Timmy: Well for one, when mom has stuff in her hand I could open the door and also you and I have gone out a few times and we had to knock on our door to get back in.
Mom: I told you already you do not NEED a key.
Timmy’s face shows a little hurt. Not a lot, but disappointed.
On face value, and I get the fact that Mom may have had a million fabulous reasons not to give Timmy a hotel key, but on face value, it made me think how many times we may miss the opportunity for our child to be more responsible, and we do not give them the chance.
To be clear, again; Timmy could have lost a thousand keys in their travels and Mom knows that but let’s assume for today’s article that she said ‘no’ just because it was the easiest route to take.

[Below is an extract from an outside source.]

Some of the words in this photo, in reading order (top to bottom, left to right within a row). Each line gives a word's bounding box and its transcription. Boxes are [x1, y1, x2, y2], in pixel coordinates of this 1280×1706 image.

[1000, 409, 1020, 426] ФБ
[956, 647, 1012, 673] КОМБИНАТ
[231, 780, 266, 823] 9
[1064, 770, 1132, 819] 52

How many times do we do that? I remember years ago, while at a conference I heard a child say to her mom, “I can do that.” Mom was checking her blood sugar. “No, I have to do it.” Um……er……..no you don’t mom. If your child shows the least bit interested in checking their own blood sugar or giving themselves their shot——it might be worth letting them try.

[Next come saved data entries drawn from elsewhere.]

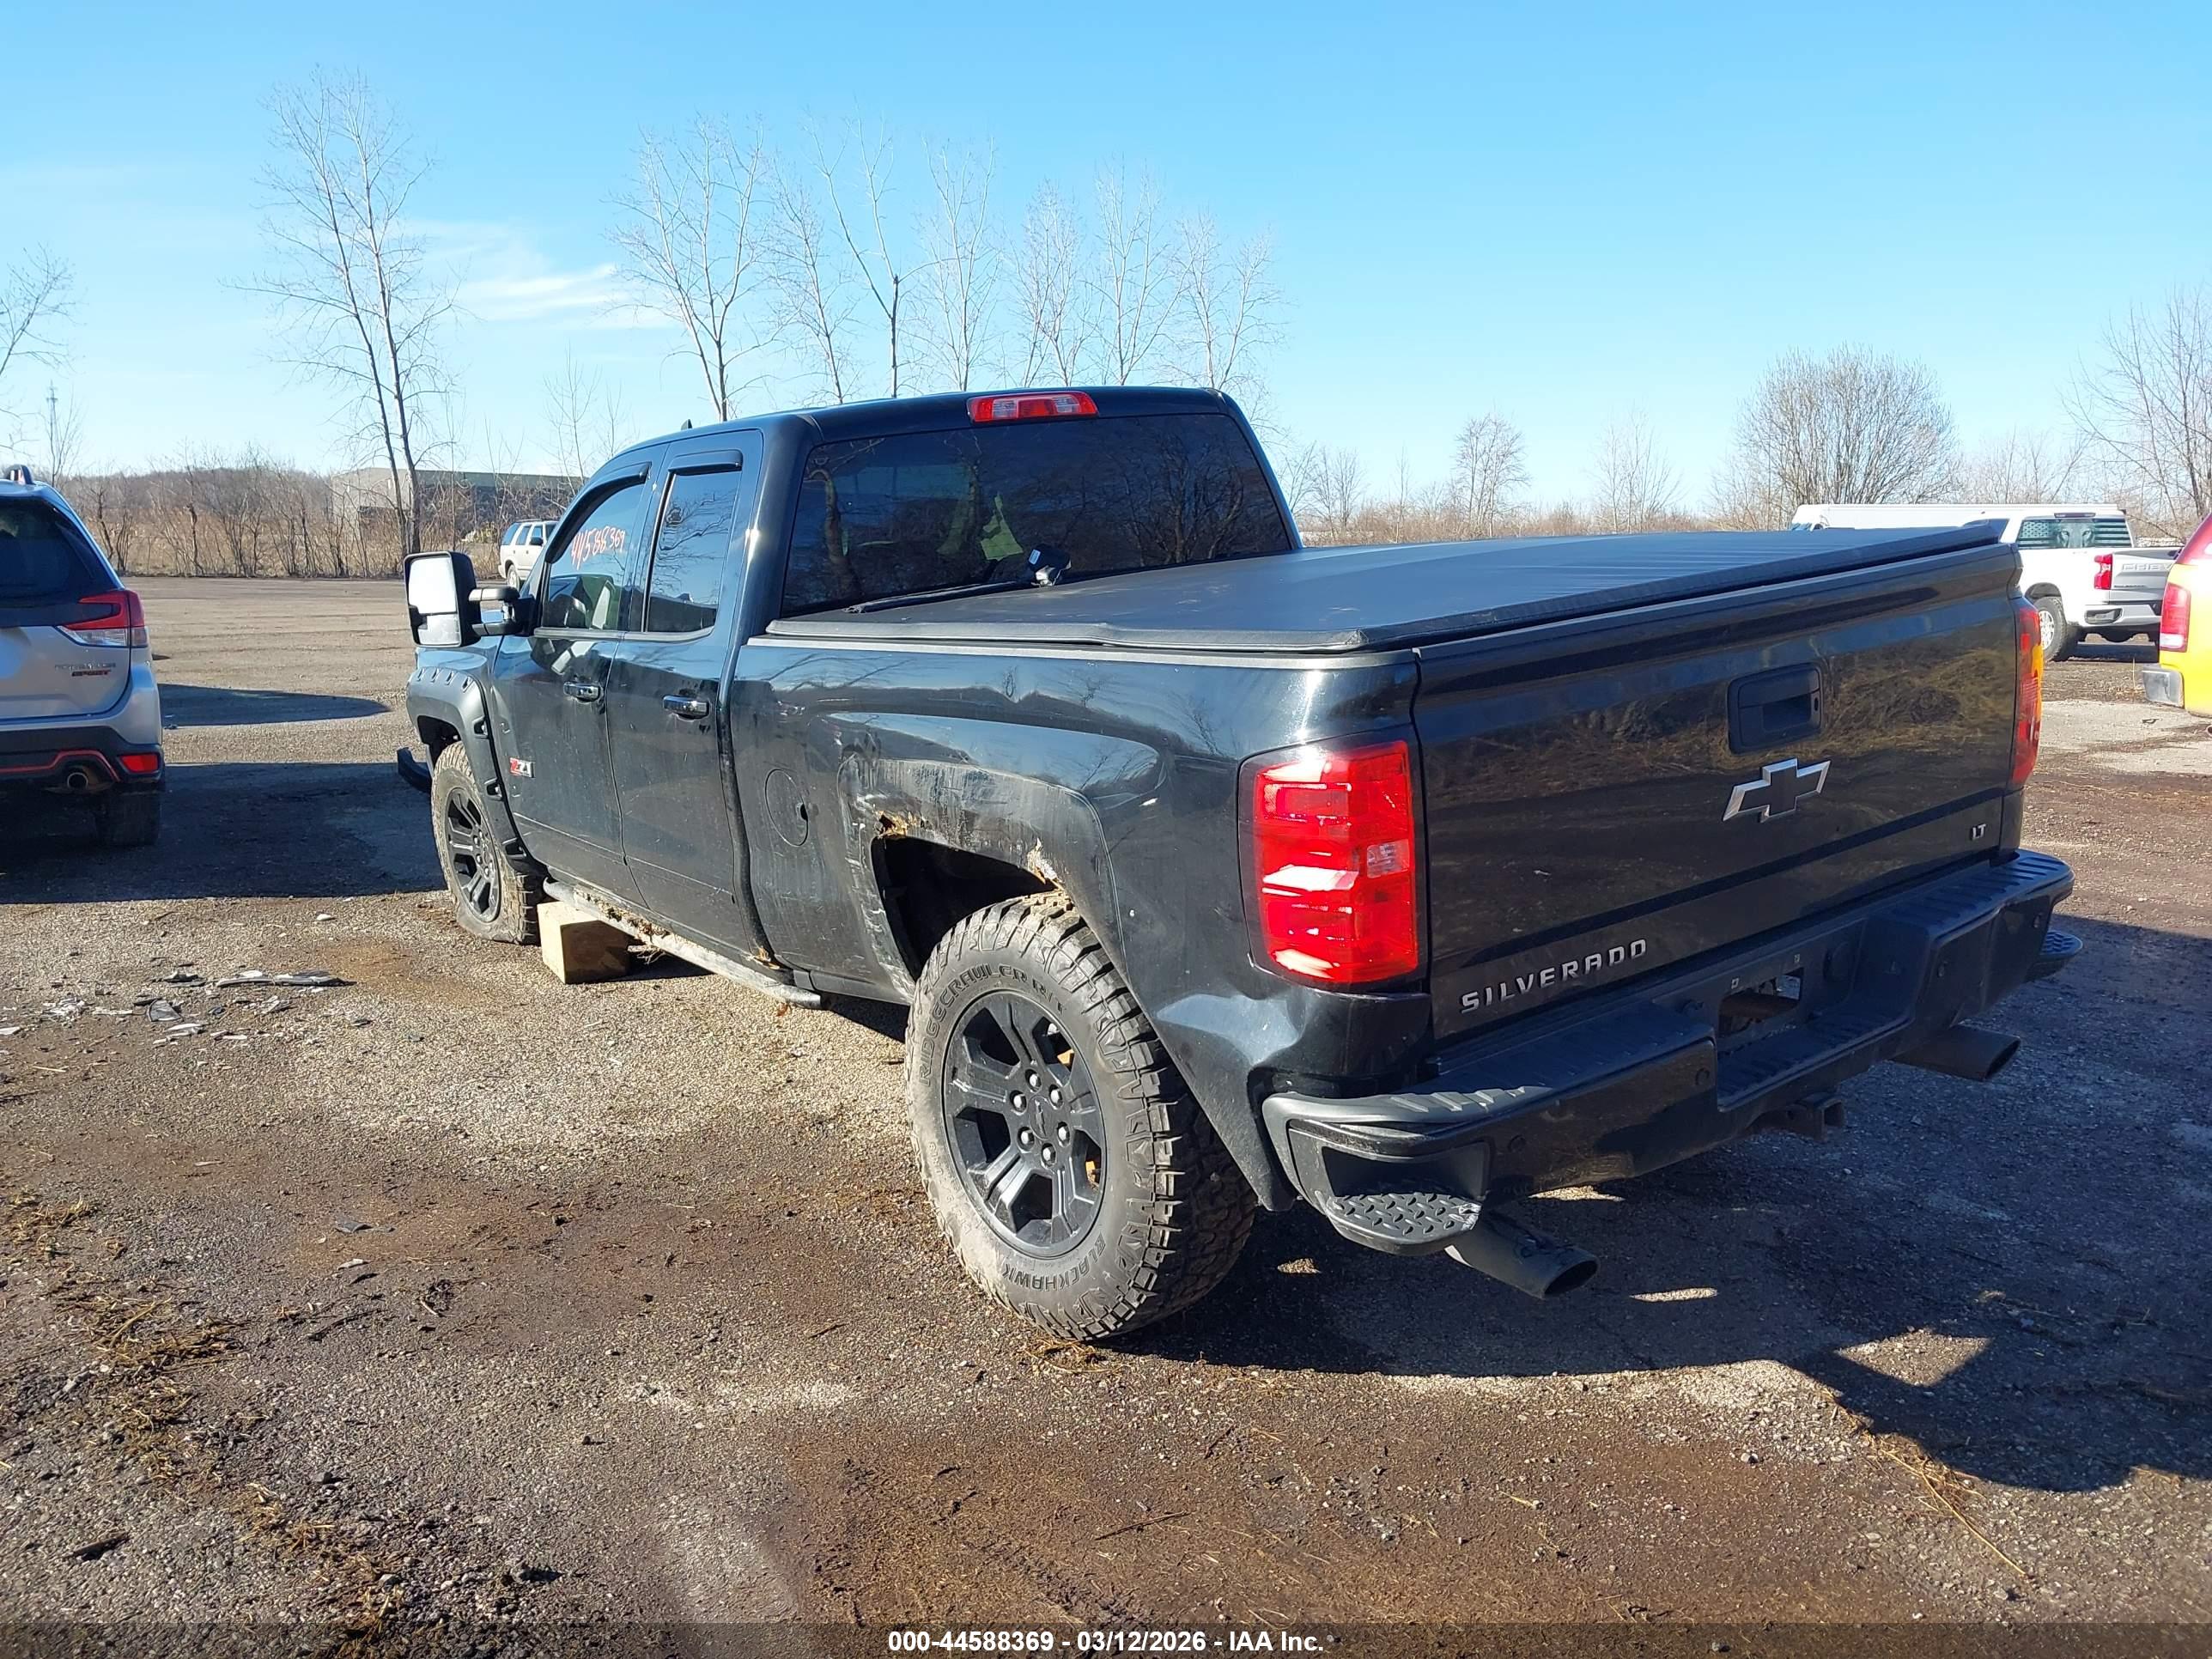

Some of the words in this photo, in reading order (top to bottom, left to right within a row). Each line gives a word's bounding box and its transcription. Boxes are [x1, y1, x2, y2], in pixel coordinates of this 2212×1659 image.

[509, 757, 536, 778] Z71
[1972, 823, 1987, 841] LT
[1461, 939, 1648, 1014] SILVERADO
[920, 963, 1028, 1087] RIDGECRAWLER
[1001, 1231, 1106, 1292] BLACKHAWK

Your child’s diabetes does not belong to you, it’s the unfortunate truth, but it belongs to them. It surely impacts all of you but I have said this before; the more you give it back to your child and the sooner you do it; it will be better for all.
And, yes, I have heard the statement that kids will have to take care of this their entire life so the more the parents do now, so the child does not have to—-it allows them to just be kids.

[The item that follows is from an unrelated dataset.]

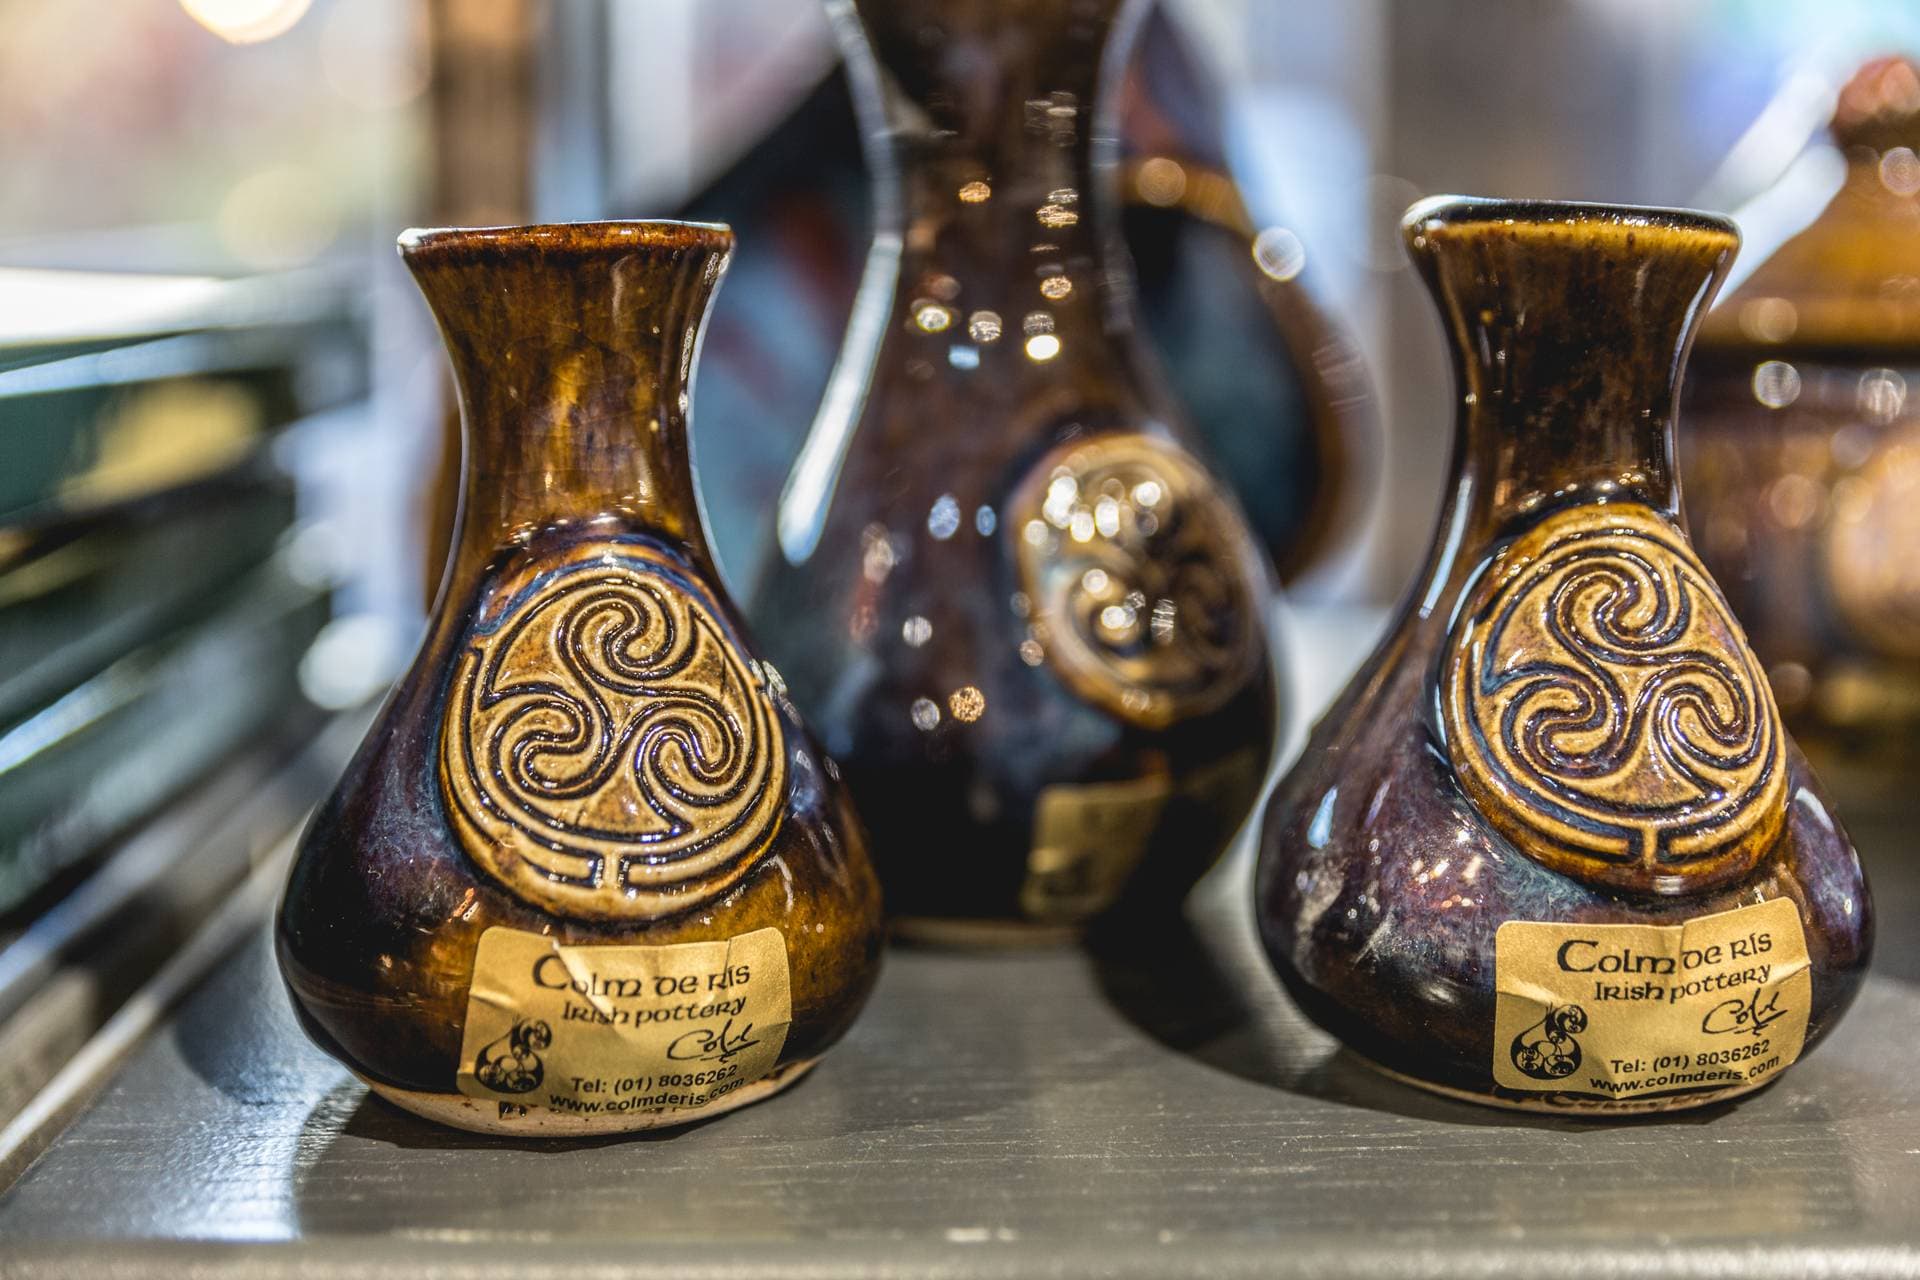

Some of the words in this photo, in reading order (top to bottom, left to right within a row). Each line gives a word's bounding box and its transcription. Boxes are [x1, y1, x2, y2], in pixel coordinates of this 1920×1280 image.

And if you live by this philosophy and it works for you, I’m not here to convince you otherwise but rather just to ask you to consider the following: Every parent has to make the call to do what’s right. But I WILL state this: In as much as you want your child to just be a child, them NOT taking care of their own diabetes means that wherever they go, whatever they do, whatever they are in the middle of; they need to stop and find you. Whereas, the child who takes care of their own diabetes, takes care of it right then and there………………..and moves on. Which scenario is a child being more like the child we would like to see?
What age should this happen? Well THAT is your call. Clearly infants and toddlers are not to whom I refer, but I have known parents who were still doing everything for their child, not only six years after diagnosis, but into their teen years. I, honestly, question that. The inclination may be to take the burden away, but think about all of the times your child MUST STOP what they are doing to find you, wait for you, do whatever task is needed; and continue on in their life.
Is it really just the diabetes stopping them from being kids?
Two kids with T1. I get it. I really do. I’m not saying to just walk away and leave them ‘out there’. I’m not saying there were not days when we just needed to help them because they were just ‘so tired of it’. I’m saying that diabetes management is non-negotiable, they MUST ‘take-it-on’ at some point and the sooner they can understand it, manage it, and make it theirs……from experience…..I’m sharing they will function better in this maze of life as they develop into the young adults we want them to be.
So give them their ‘hotel key’…….trust me, it will open the door in their world like never before.
I am a diabetes dad.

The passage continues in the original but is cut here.